◆ **PROBLEM TO WORK ON**
Leaving out the pictures, please reproduce exactly and only the lines from the one that contains "this 1500×1225 image." through the last line below.

◆ **Records from a dataset**
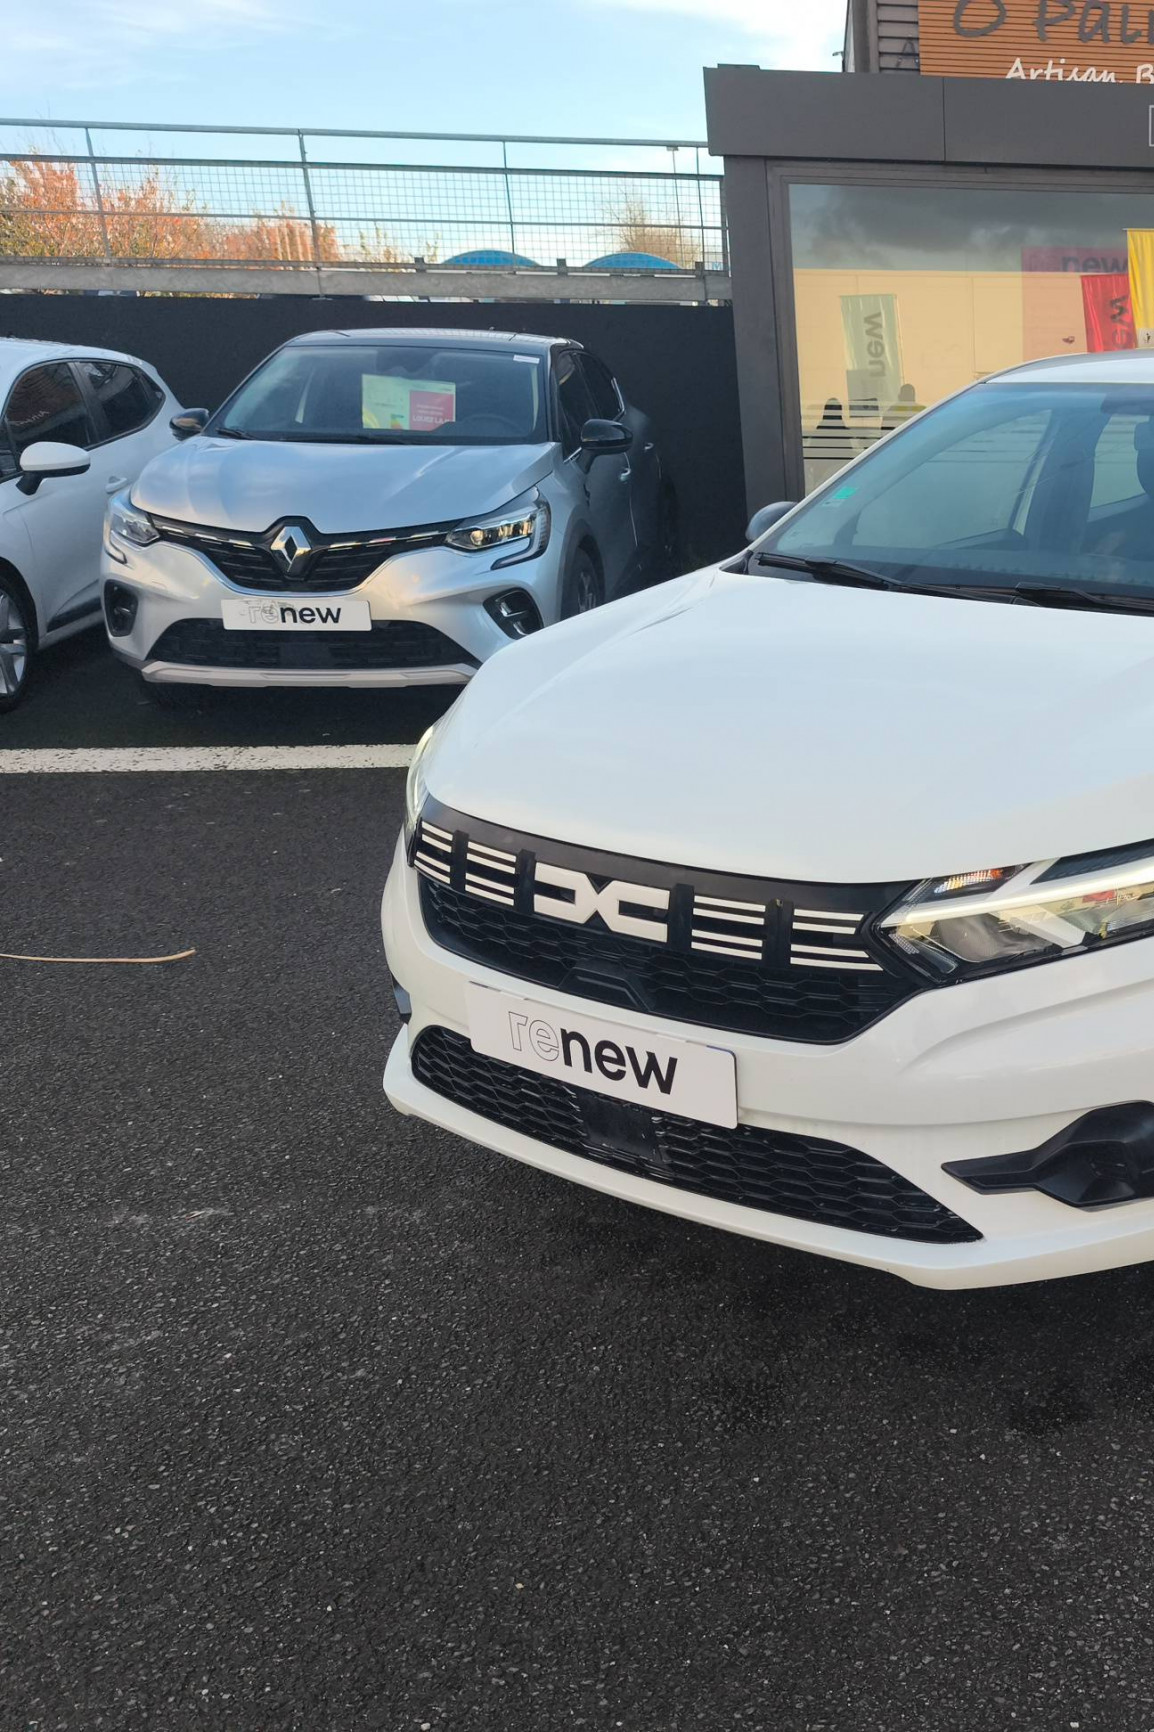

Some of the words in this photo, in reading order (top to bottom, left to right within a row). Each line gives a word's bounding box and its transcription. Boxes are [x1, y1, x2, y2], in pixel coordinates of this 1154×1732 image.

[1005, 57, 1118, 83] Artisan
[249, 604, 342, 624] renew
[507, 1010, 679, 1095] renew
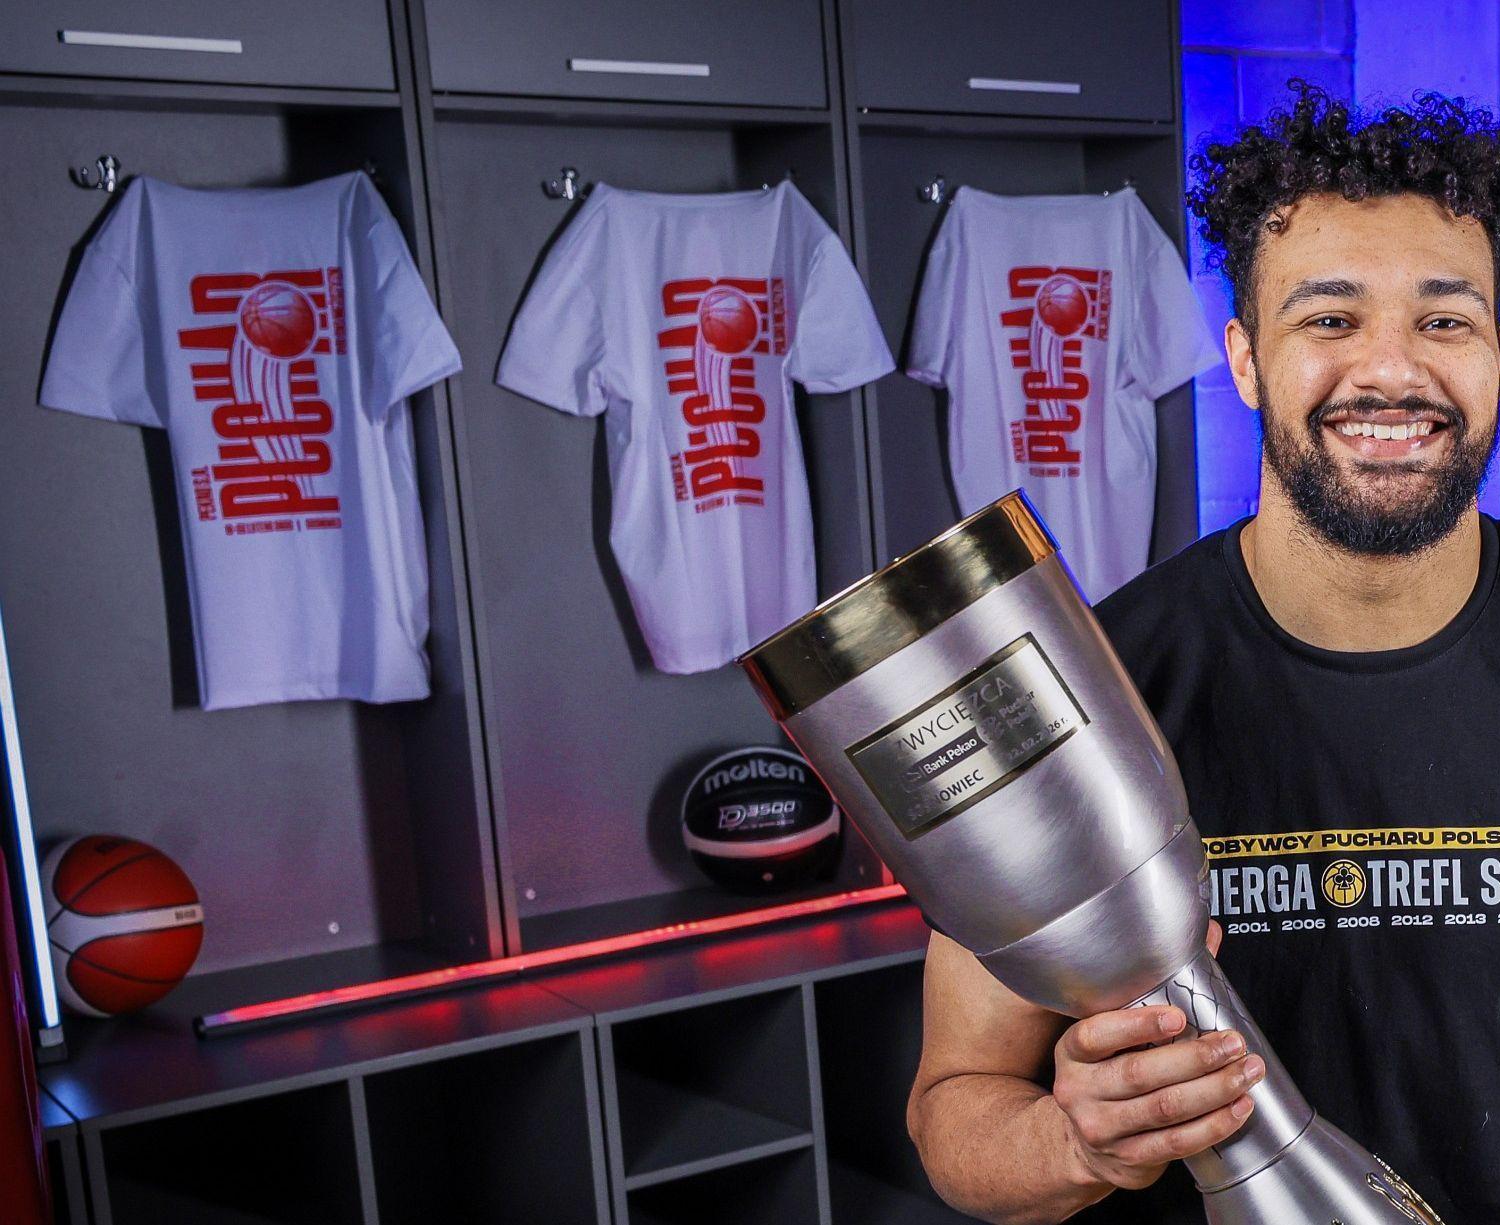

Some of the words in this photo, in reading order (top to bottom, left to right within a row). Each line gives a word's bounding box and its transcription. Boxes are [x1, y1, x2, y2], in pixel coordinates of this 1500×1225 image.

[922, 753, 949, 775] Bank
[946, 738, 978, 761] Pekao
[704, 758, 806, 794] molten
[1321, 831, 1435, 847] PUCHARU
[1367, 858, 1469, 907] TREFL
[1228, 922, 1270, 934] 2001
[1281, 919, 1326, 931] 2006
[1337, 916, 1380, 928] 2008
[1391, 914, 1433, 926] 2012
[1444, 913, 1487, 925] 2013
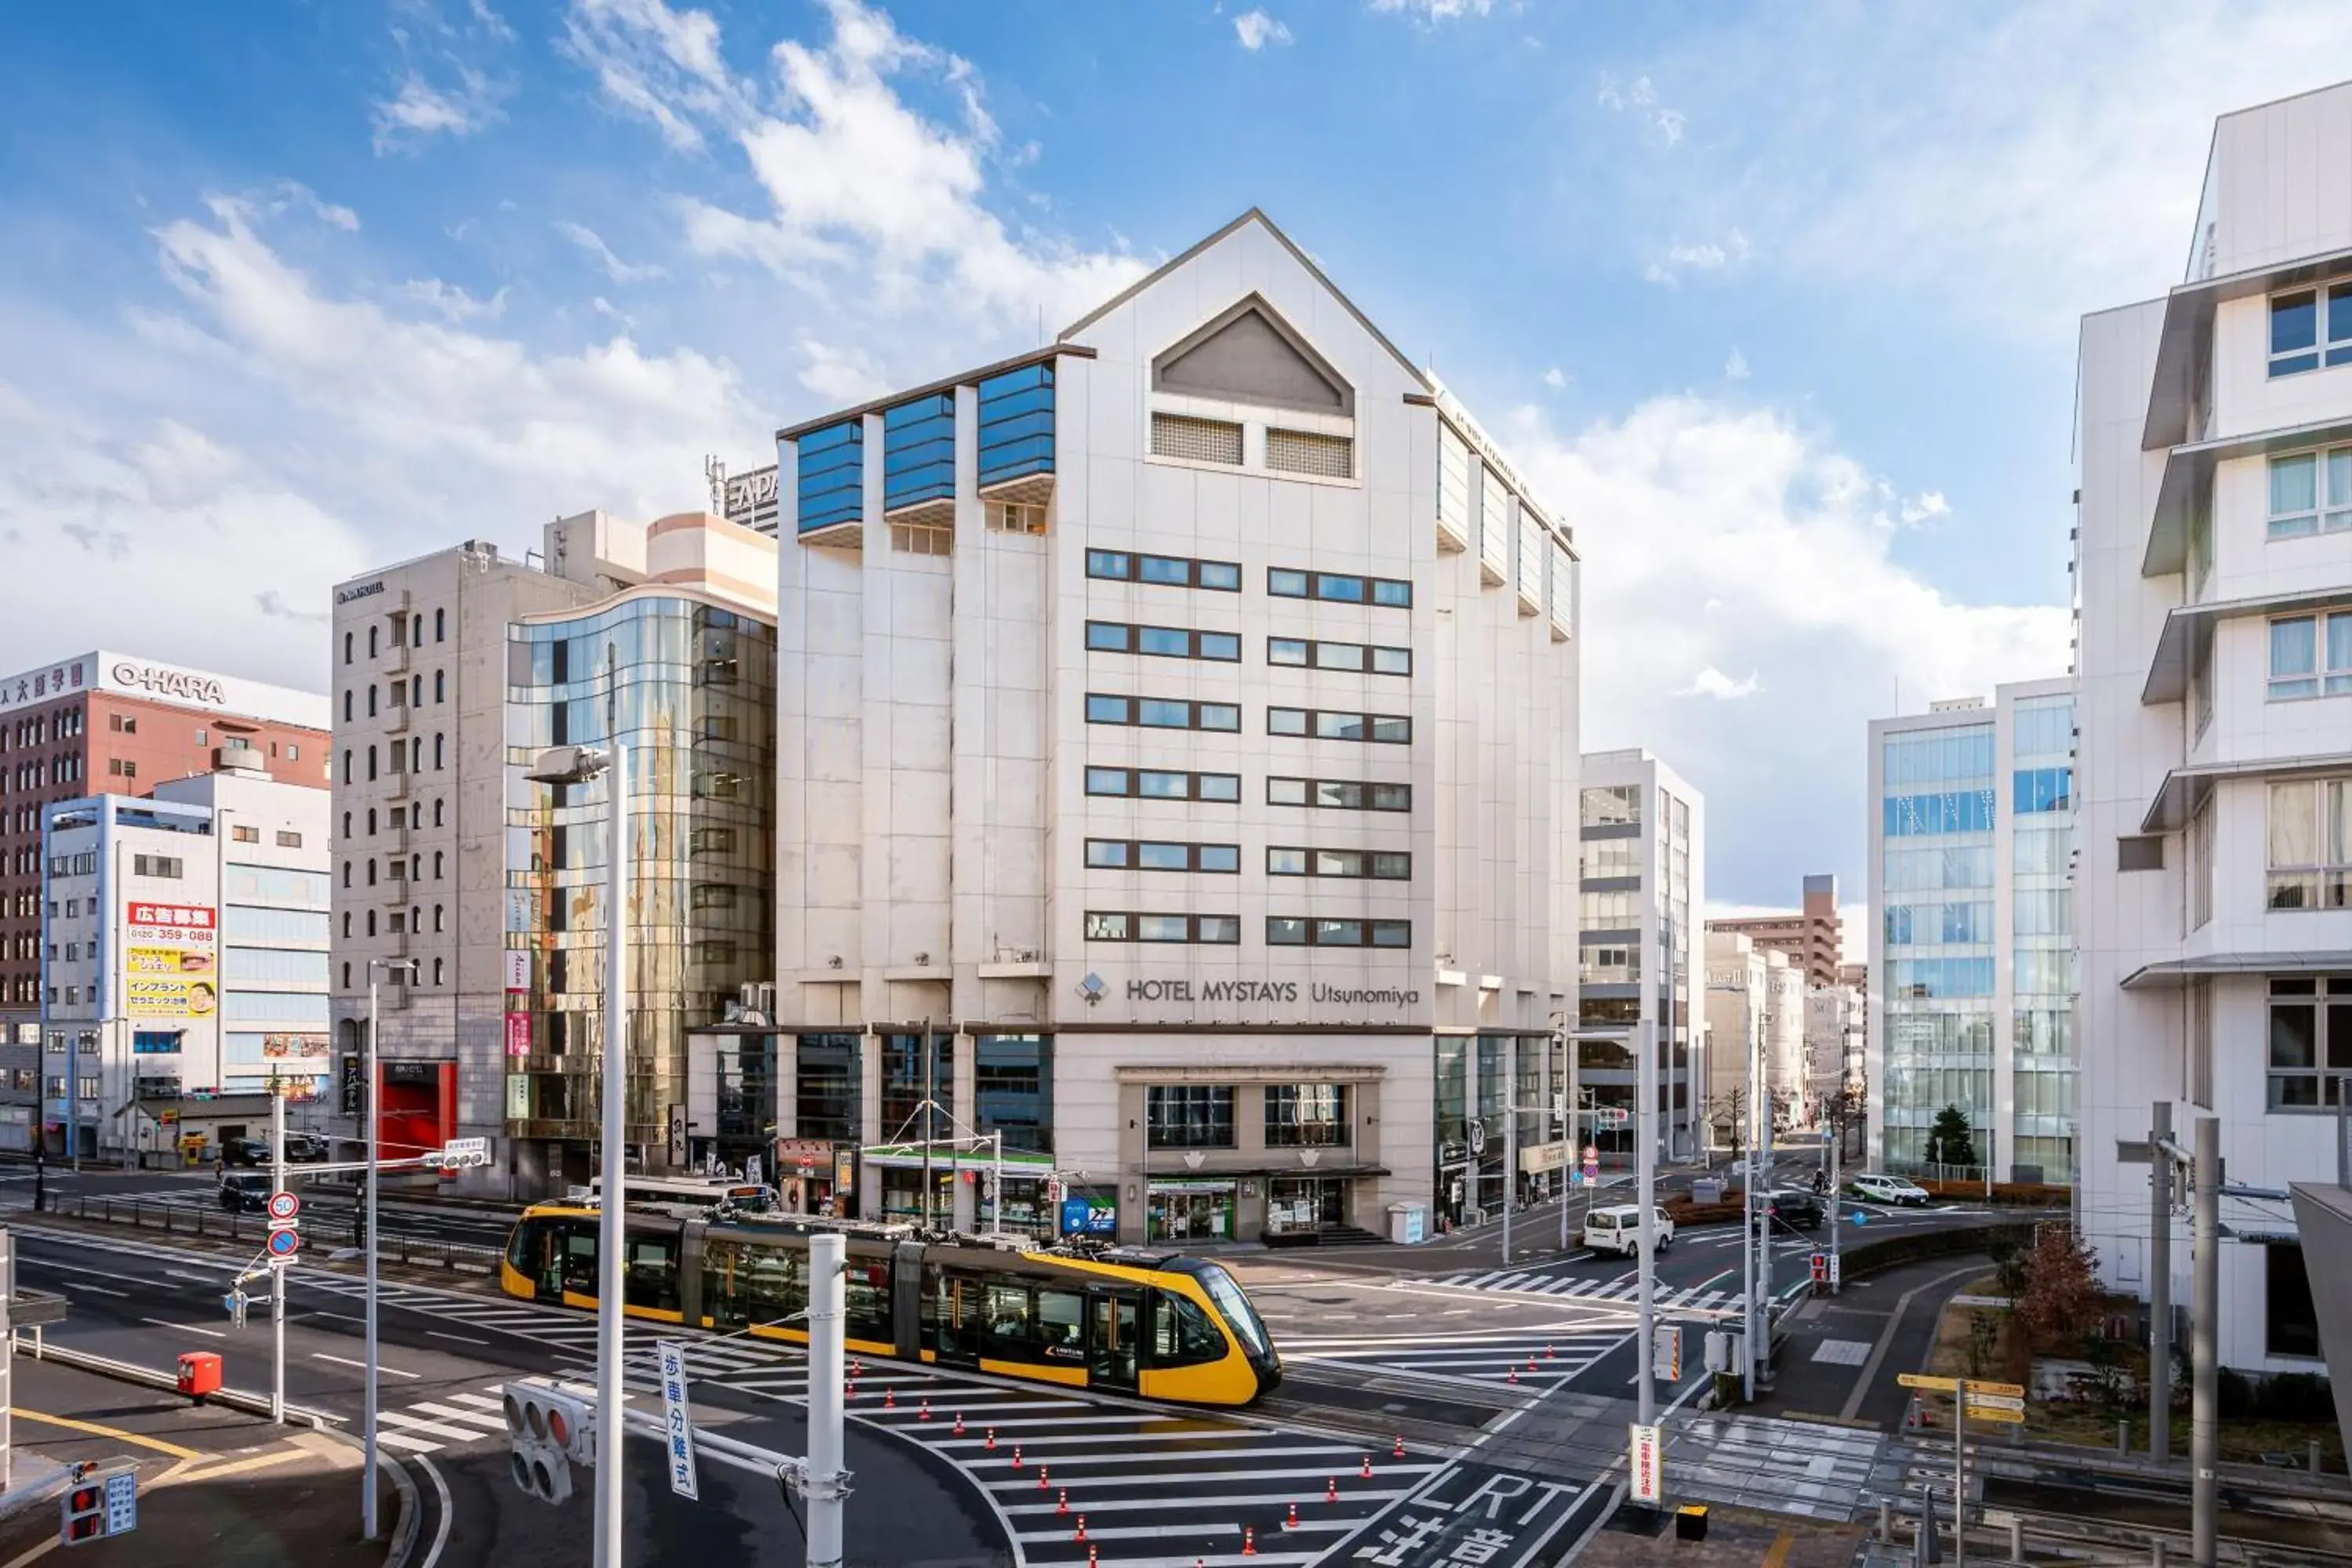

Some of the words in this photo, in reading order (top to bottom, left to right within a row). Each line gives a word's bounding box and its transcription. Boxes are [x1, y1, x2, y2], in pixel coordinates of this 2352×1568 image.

◆ **RESULT**
Some of the words in this photo, in reading order (top to bottom, left to right within a row). Each line gives a word's bounding box and its transcription. Boxes are [x1, y1, x2, y2], in pixel coordinates of this 1500×1225 image.

[922, 753, 949, 775] Bank
[946, 738, 978, 761] Pekao
[704, 758, 806, 794] molten
[1321, 831, 1435, 847] PUCHARU
[1367, 858, 1469, 907] TREFL
[1228, 922, 1270, 934] 2001
[1281, 919, 1326, 931] 2006
[1337, 916, 1380, 928] 2008
[1391, 914, 1433, 926] 2012
[1444, 913, 1487, 925] 2013

Some of the words in this photo, in reading order (top to bottom, left to right within a row). Each line gives a word's bounding box and its transcription. Boxes are [x1, y1, x2, y2], in pixel coordinates of this 2352×1568 image.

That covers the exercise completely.